(Beginning of Task material)

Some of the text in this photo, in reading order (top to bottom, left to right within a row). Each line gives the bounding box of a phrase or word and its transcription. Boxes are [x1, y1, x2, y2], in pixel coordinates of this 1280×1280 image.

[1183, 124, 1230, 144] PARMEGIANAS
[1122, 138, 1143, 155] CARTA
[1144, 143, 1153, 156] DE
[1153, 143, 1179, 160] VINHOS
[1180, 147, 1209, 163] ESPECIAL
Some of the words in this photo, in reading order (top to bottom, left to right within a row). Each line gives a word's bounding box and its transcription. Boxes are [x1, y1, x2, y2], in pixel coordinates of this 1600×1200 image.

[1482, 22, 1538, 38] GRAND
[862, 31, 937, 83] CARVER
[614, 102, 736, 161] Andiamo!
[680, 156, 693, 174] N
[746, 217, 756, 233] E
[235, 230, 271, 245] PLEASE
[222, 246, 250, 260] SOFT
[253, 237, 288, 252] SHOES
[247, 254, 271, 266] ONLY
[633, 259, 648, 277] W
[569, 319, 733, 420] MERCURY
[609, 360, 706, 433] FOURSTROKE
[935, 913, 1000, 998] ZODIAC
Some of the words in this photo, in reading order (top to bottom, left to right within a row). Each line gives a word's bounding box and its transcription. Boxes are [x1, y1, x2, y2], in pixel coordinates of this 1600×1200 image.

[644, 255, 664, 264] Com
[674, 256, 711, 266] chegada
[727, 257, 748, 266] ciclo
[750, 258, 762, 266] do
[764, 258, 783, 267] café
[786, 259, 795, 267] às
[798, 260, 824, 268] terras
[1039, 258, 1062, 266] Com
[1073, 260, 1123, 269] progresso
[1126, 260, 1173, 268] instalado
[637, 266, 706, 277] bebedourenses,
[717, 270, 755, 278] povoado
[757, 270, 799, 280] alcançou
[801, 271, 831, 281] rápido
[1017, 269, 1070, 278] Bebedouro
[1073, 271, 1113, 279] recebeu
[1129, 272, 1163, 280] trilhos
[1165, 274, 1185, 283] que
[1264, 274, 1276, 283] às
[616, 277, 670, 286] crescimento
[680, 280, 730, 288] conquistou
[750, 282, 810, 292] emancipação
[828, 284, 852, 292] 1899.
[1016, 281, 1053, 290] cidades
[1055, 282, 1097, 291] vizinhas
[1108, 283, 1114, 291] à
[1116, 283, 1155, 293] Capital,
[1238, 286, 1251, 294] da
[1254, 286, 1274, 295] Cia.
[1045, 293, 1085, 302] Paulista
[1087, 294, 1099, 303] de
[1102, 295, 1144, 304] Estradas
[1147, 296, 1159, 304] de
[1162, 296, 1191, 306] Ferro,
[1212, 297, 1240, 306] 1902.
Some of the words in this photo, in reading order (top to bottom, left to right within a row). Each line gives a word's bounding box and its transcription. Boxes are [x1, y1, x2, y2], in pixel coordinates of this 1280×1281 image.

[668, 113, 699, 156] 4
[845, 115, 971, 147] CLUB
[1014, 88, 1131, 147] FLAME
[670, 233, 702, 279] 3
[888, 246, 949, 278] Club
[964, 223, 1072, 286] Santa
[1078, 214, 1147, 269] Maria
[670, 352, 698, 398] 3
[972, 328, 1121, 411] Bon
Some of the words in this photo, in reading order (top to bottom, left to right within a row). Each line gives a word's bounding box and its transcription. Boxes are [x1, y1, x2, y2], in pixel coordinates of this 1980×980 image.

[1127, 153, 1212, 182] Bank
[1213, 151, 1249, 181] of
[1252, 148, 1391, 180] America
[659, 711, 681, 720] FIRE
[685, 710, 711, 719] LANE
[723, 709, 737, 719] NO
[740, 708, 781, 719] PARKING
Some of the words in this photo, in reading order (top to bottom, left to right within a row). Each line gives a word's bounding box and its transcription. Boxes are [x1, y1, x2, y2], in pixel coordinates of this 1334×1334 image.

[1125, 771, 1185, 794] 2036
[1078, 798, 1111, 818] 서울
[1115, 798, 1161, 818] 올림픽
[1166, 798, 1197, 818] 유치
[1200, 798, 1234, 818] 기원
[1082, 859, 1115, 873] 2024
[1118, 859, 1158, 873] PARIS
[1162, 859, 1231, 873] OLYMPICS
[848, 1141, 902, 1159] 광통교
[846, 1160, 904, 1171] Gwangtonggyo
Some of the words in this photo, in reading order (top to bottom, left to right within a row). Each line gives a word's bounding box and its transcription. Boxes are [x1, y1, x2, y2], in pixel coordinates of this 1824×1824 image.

(End of Task material)

Work to be completed —
Exactly as written, reproduce the whole listing.

Expected answer —
Some of the text in this photo, in reading order (top to bottom, left to right within a row). Each line gives the bounding box of a phrase or word and its transcription. Boxes are [x1, y1, x2, y2], in pixel coordinates of this 1280×1280 image.

[1183, 124, 1230, 144] PARMEGIANAS
[1122, 138, 1143, 155] CARTA
[1144, 143, 1153, 156] DE
[1153, 143, 1179, 160] VINHOS
[1180, 147, 1209, 163] ESPECIAL
Some of the words in this photo, in reading order (top to bottom, left to right within a row). Each line gives a word's bounding box and its transcription. Boxes are [x1, y1, x2, y2], in pixel coordinates of this 1600×1200 image.

[1482, 22, 1538, 38] GRAND
[862, 31, 937, 83] CARVER
[614, 102, 736, 161] Andiamo!
[680, 156, 693, 174] N
[746, 217, 756, 233] E
[235, 230, 271, 245] PLEASE
[222, 246, 250, 260] SOFT
[253, 237, 288, 252] SHOES
[247, 254, 271, 266] ONLY
[633, 259, 648, 277] W
[569, 319, 733, 420] MERCURY
[609, 360, 706, 433] FOURSTROKE
[935, 913, 1000, 998] ZODIAC
Some of the words in this photo, in reading order (top to bottom, left to right within a row). Each line gives a word's bounding box and its transcription. Boxes are [x1, y1, x2, y2], in pixel coordinates of this 1600×1200 image.

[644, 255, 664, 264] Com
[674, 256, 711, 266] chegada
[727, 257, 748, 266] ciclo
[750, 258, 762, 266] do
[764, 258, 783, 267] café
[786, 259, 795, 267] às
[798, 260, 824, 268] terras
[1039, 258, 1062, 266] Com
[1073, 260, 1123, 269] progresso
[1126, 260, 1173, 268] instalado
[637, 266, 706, 277] bebedourenses,
[717, 270, 755, 278] povoado
[757, 270, 799, 280] alcançou
[801, 271, 831, 281] rápido
[1017, 269, 1070, 278] Bebedouro
[1073, 271, 1113, 279] recebeu
[1129, 272, 1163, 280] trilhos
[1165, 274, 1185, 283] que
[1264, 274, 1276, 283] às
[616, 277, 670, 286] crescimento
[680, 280, 730, 288] conquistou
[750, 282, 810, 292] emancipação
[828, 284, 852, 292] 1899.
[1016, 281, 1053, 290] cidades
[1055, 282, 1097, 291] vizinhas
[1108, 283, 1114, 291] à
[1116, 283, 1155, 293] Capital,
[1238, 286, 1251, 294] da
[1254, 286, 1274, 295] Cia.
[1045, 293, 1085, 302] Paulista
[1087, 294, 1099, 303] de
[1102, 295, 1144, 304] Estradas
[1147, 296, 1159, 304] de
[1162, 296, 1191, 306] Ferro,
[1212, 297, 1240, 306] 1902.
Some of the words in this photo, in reading order (top to bottom, left to right within a row). Each line gives a word's bounding box and its transcription. Boxes are [x1, y1, x2, y2], in pixel coordinates of this 1280×1281 image.

[668, 113, 699, 156] 4
[845, 115, 971, 147] CLUB
[1014, 88, 1131, 147] FLAME
[670, 233, 702, 279] 3
[888, 246, 949, 278] Club
[964, 223, 1072, 286] Santa
[1078, 214, 1147, 269] Maria
[670, 352, 698, 398] 3
[972, 328, 1121, 411] Bon
Some of the words in this photo, in reading order (top to bottom, left to right within a row). Each line gives a word's bounding box and its transcription. Boxes are [x1, y1, x2, y2], in pixel coordinates of this 1980×980 image.

[1127, 153, 1212, 182] Bank
[1213, 151, 1249, 181] of
[1252, 148, 1391, 180] America
[659, 711, 681, 720] FIRE
[685, 710, 711, 719] LANE
[723, 709, 737, 719] NO
[740, 708, 781, 719] PARKING
Some of the words in this photo, in reading order (top to bottom, left to right within a row). Each line gives a word's bounding box and its transcription. Boxes are [x1, y1, x2, y2], in pixel coordinates of this 1334×1334 image.

[1125, 771, 1185, 794] 2036
[1078, 798, 1111, 818] 서울
[1115, 798, 1161, 818] 올림픽
[1166, 798, 1197, 818] 유치
[1200, 798, 1234, 818] 기원
[1082, 859, 1115, 873] 2024
[1118, 859, 1158, 873] PARIS
[1162, 859, 1231, 873] OLYMPICS
[848, 1141, 902, 1159] 광통교
[846, 1160, 904, 1171] Gwangtonggyo
Some of the words in this photo, in reading order (top to bottom, left to right within a row). Each line gives a word's bounding box and its transcription. Boxes are [x1, y1, x2, y2], in pixel coordinates of this 1824×1824 image.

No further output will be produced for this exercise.